• TASK DESCRIPTION:
Lines from the one containing "this 1500×998 image." through the end of the material are to be retyped exactly; do not copy pictures.

━━━━━ DATA RECORDS

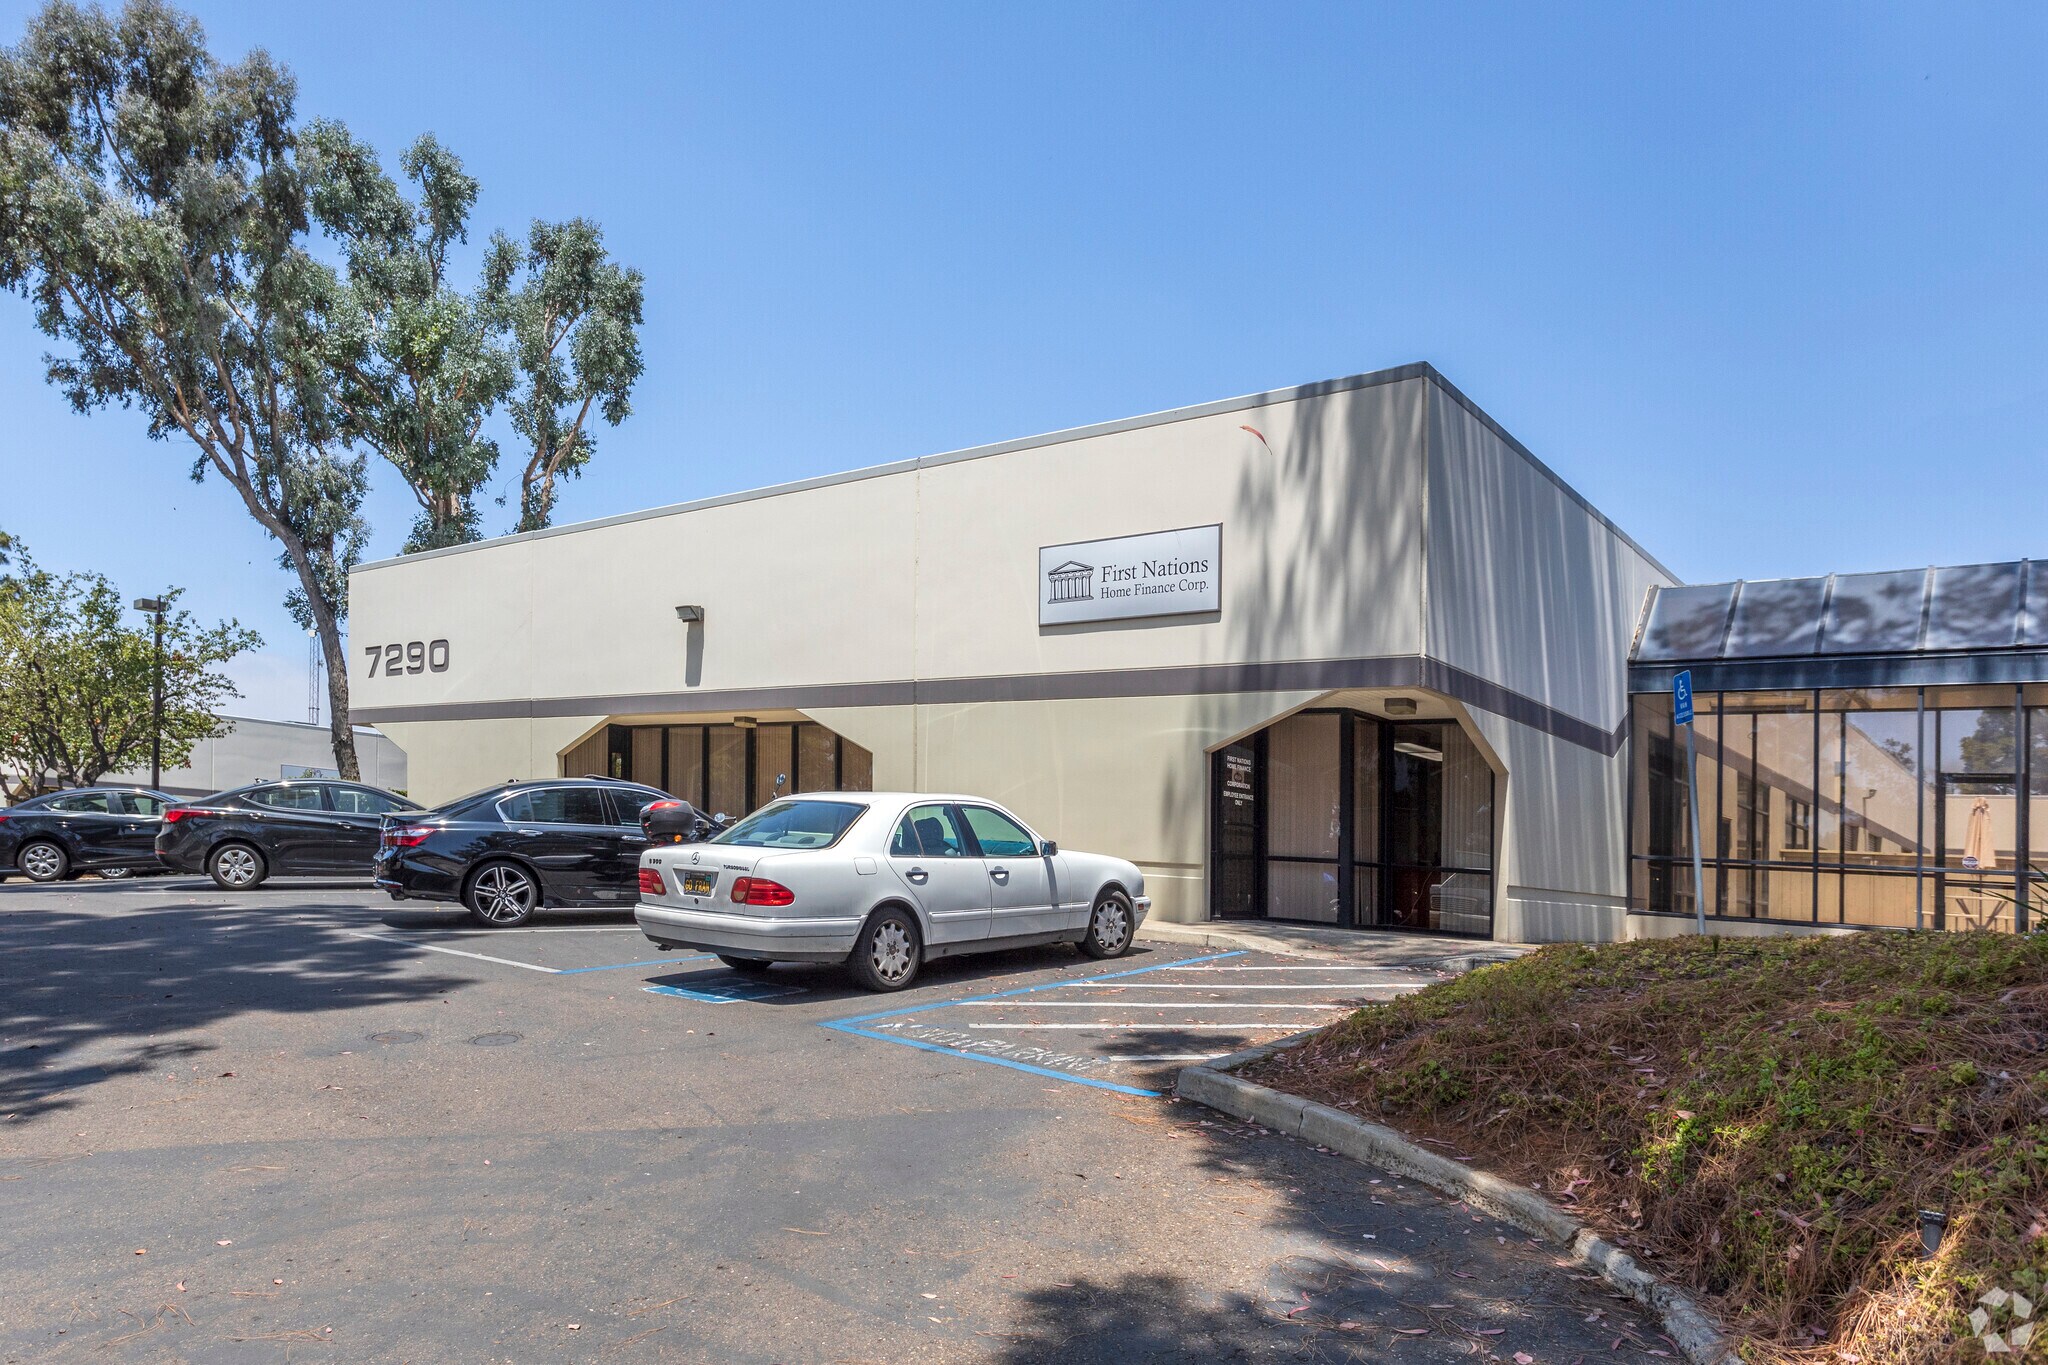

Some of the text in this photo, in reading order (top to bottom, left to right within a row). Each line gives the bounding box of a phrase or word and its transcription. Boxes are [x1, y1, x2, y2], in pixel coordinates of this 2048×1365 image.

[1101, 557, 1209, 583] First Nations
[1100, 579, 1209, 599] Home Finance Corp.
[365, 639, 449, 678] 7290
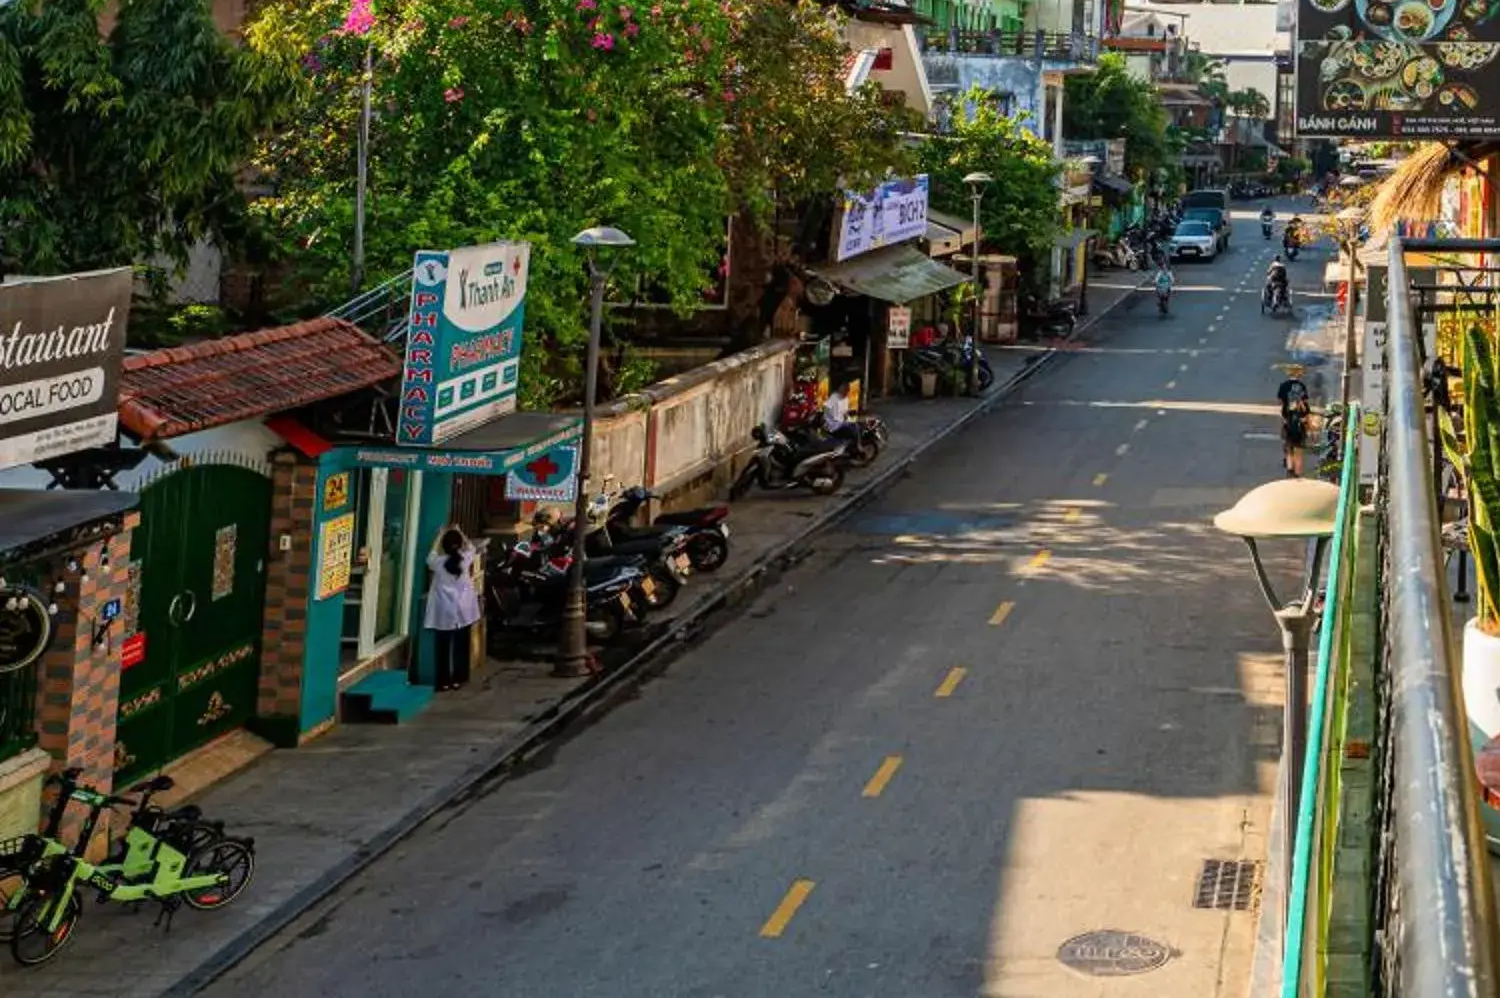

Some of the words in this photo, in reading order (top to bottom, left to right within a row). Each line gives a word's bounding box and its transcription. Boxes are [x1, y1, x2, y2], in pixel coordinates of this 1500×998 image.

[1299, 113, 1336, 131] BÁNH
[468, 276, 500, 306] Thanh
[403, 290, 438, 440] PHARMACY
[48, 377, 94, 406] FOOD
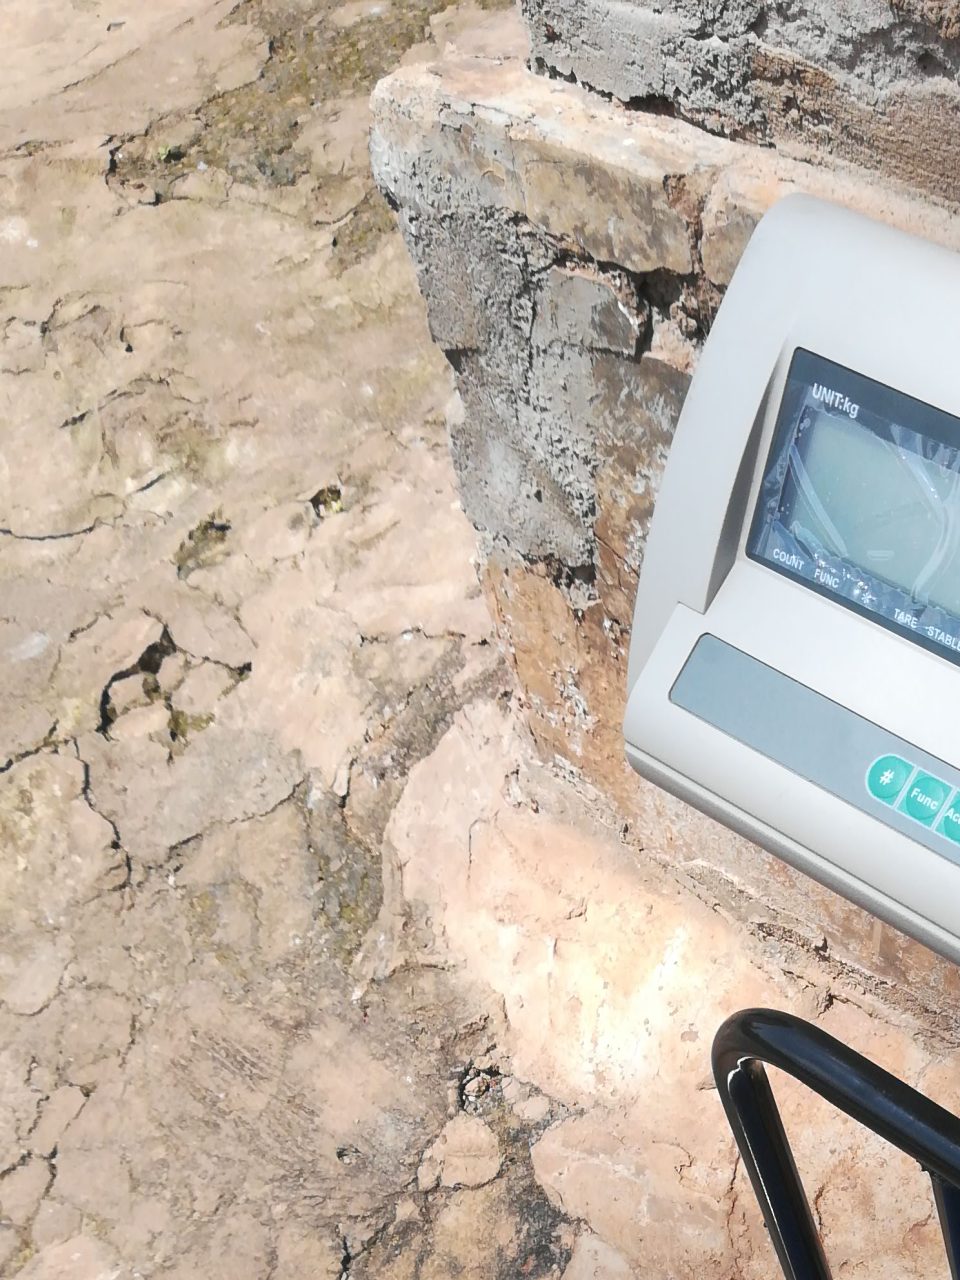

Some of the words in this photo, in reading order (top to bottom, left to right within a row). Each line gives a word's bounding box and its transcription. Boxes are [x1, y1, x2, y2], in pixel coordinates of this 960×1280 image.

[812, 382, 859, 418] UNIT:kg
[772, 548, 805, 571] COUNT
[814, 568, 840, 588] FUNC
[893, 608, 918, 628] TARE
[910, 787, 939, 811] Func
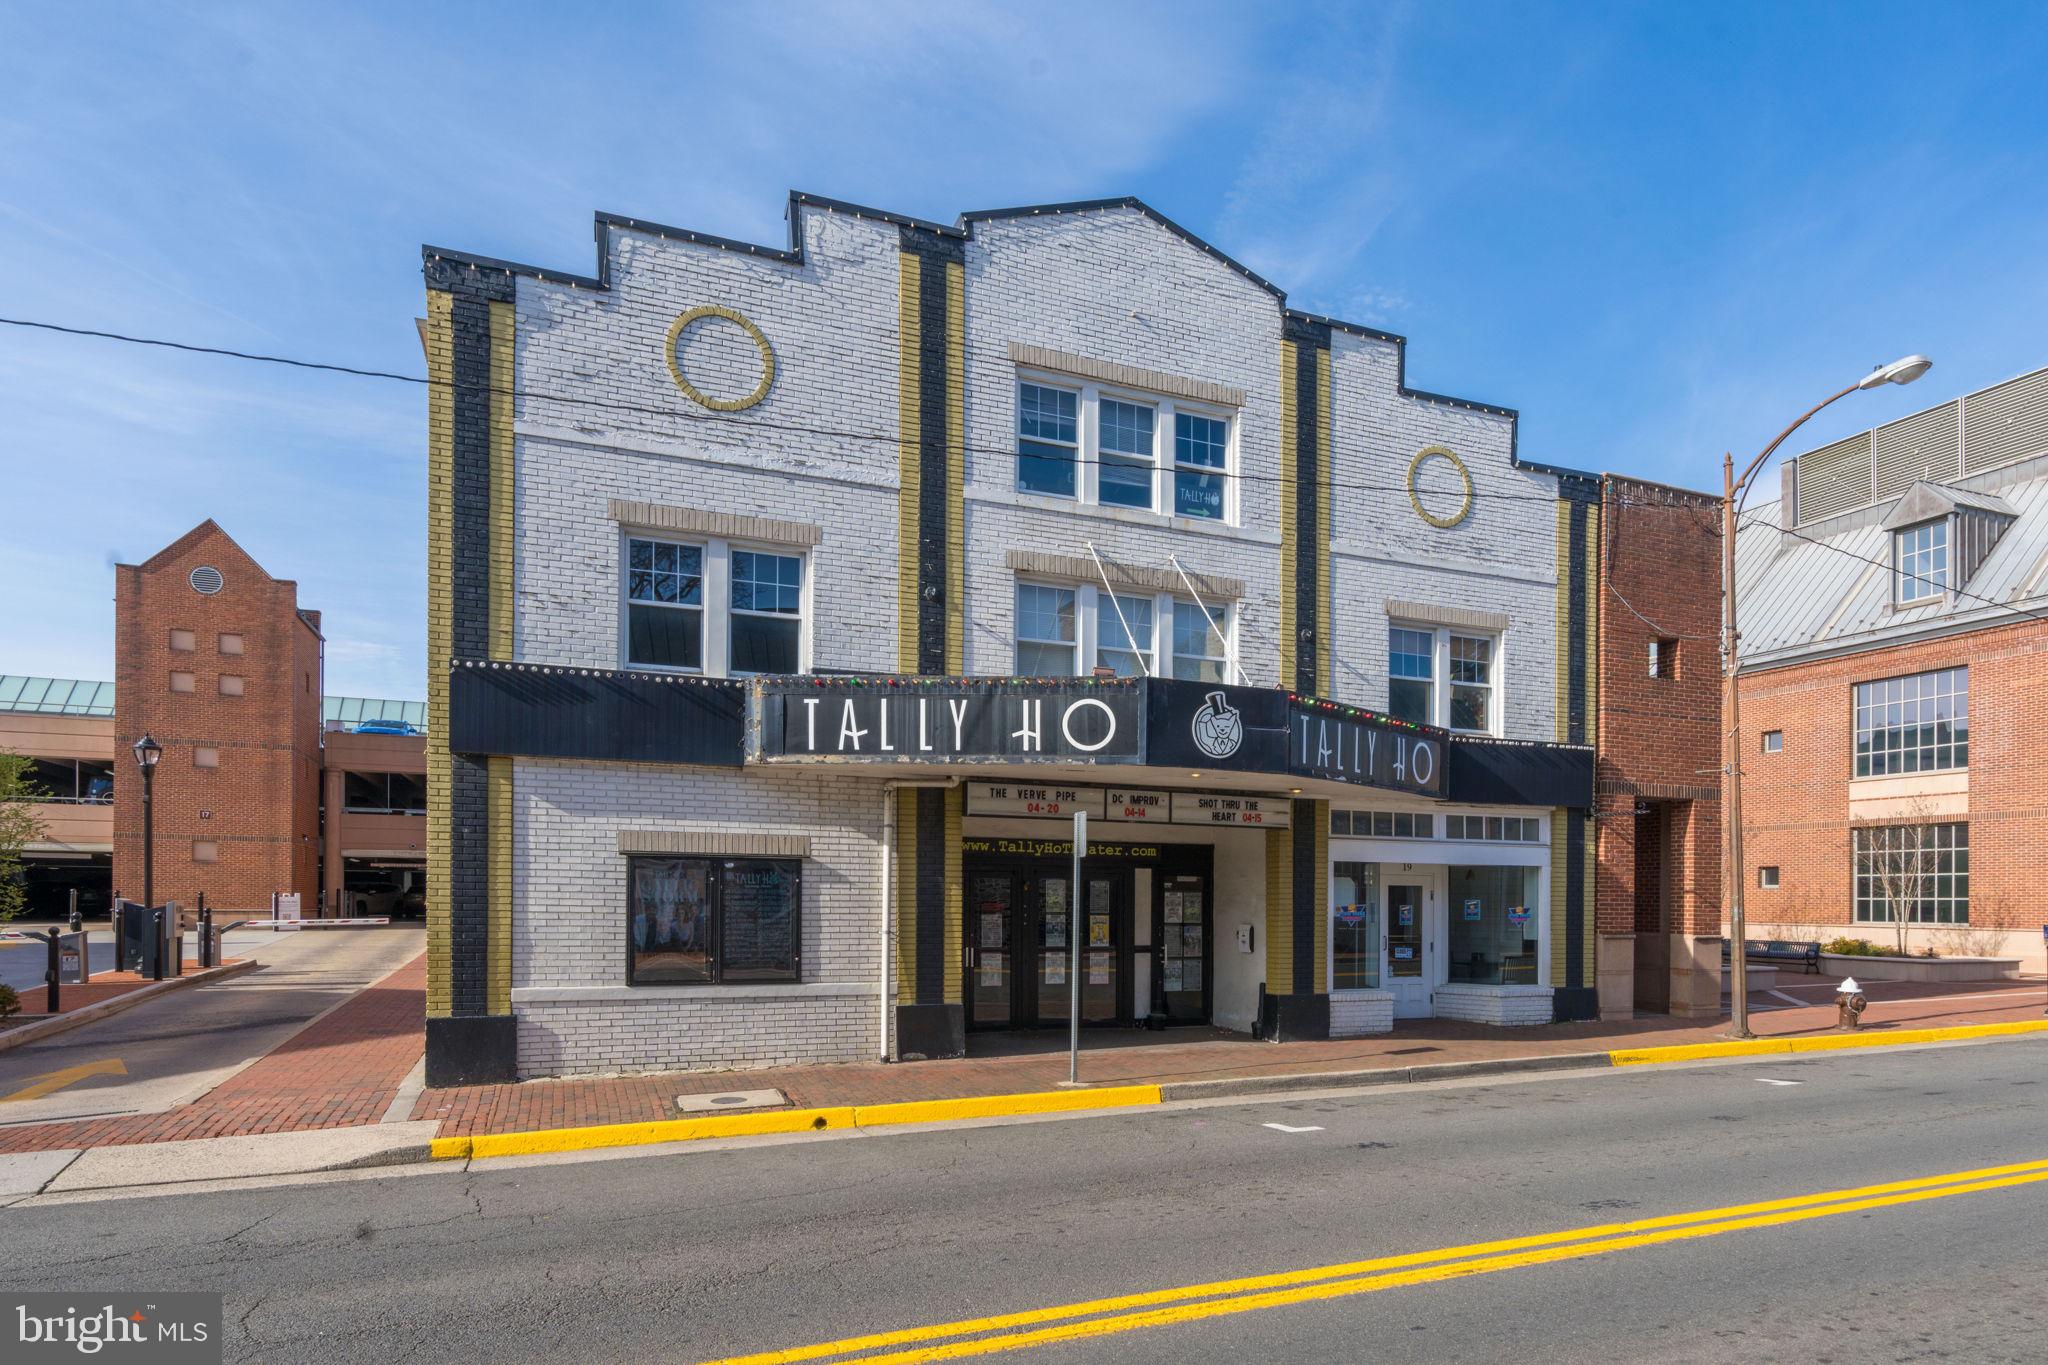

━━━━━━━━━━

• COMPLETED TASK:
Some of the words in this photo, in reading order (top to bottom, left to right within a row). Each line gives a word's bounding box and its transcription. Boxes are [x1, y1, x2, y2], in pixel coordinates of this 1500×998 image.

[1299, 113, 1336, 131] BÁNH
[468, 276, 500, 306] Thanh
[403, 290, 438, 440] PHARMACY
[48, 377, 94, 406] FOOD

Some of the words in this photo, in reading order (top to bottom, left to right within a row). Each line gives a word's bounding box and its transcription. Boxes are [x1, y1, x2, y2], in pixel coordinates of this 960×1280 image.

[812, 382, 859, 418] UNIT:kg
[772, 548, 805, 571] COUNT
[814, 568, 840, 588] FUNC
[893, 608, 918, 628] TARE
[910, 787, 939, 811] Func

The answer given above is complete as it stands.